Fischl’s stock in trade has always been the tense narratives suggested by the poses of his figures and a sense of light that, at its best, can be remarkably effective. Neither is in evidence in this new series of paintings depicting his travels to the subcontinent, and, in their absence, the flavor of Orientalism is overwhelming. Given the sordid history of Western projections of fantasies of exoticism and inscrutability onto very real Eastern lives, one can’t help but wonder what we have done to deserve such a shameless display of imperialistic kitsch.
Presumably Fischl felt estranged from Indian ways of life and wanted to convey some of the unfamiliarity of its various gestural codes and manners. But his narrative skills have always relied on an intimate knowledge of the mores inherent in the scenes he portrays. This familiarity came easily when his subjects were comfortable white folk at home or at play in one or another resort, but here this firsthand savvy is missing; indeed, this is much of the pictures’ point. But, in its absence, none of the psychological suggestions upon which Fischl’s work depends is possible. In most of these paintings the figures simply stare out at the viewer (in fact at the photographer, since the works are refigurings of snapshots), and they look as if they might have been English actors in brown makeup, posed clumsily in front of sets. The women, in particular, seem to have little or nothing to do or say: two of them dance, one simply stands, and the fourth is seen from the rear as she ascends, fully veiled, the stairs of a temple. There is no subtext, only staginess, which in this case amounts to little more than a kind of contemporary chinoiserie.
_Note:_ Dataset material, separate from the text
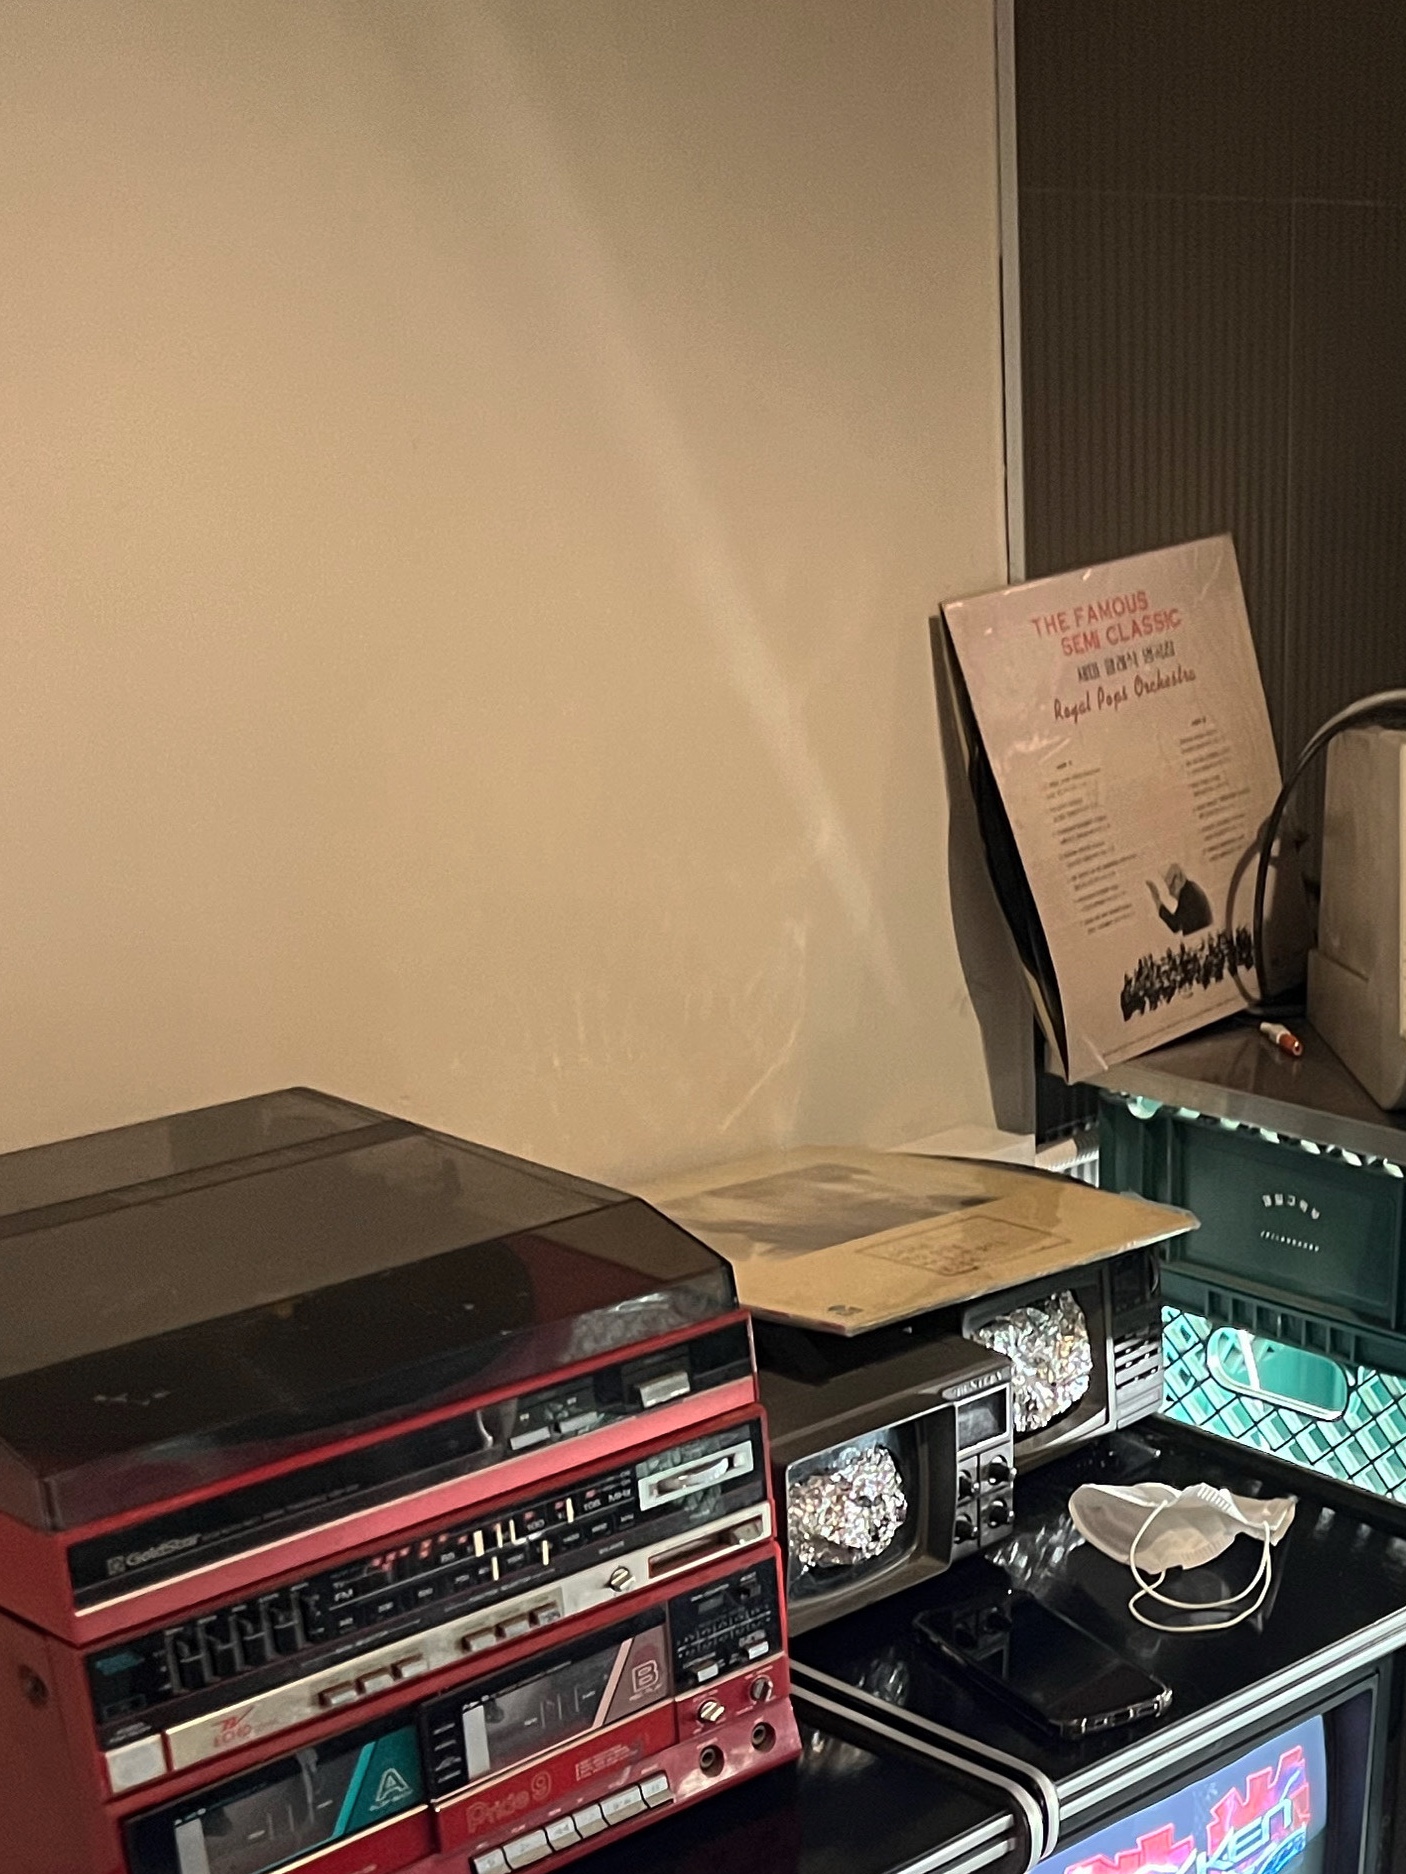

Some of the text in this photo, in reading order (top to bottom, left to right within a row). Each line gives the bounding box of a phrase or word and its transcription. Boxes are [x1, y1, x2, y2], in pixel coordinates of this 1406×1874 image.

Moreover, Fischl’s experiences in India seem to have stymied his painterly skills. The figures are crudely sketched, as if they were stock forms rather than unique subjects. The colors are flat browns and reds meant to evoke India, but they are too blunt and toneless to do so. The light is equally unremarkable, apparently sourceless, and decidedly unsubtle. In the absence of even these pictorial pleasures, this whole show, ill-conceived and then badly executed, seems almost thoughtless.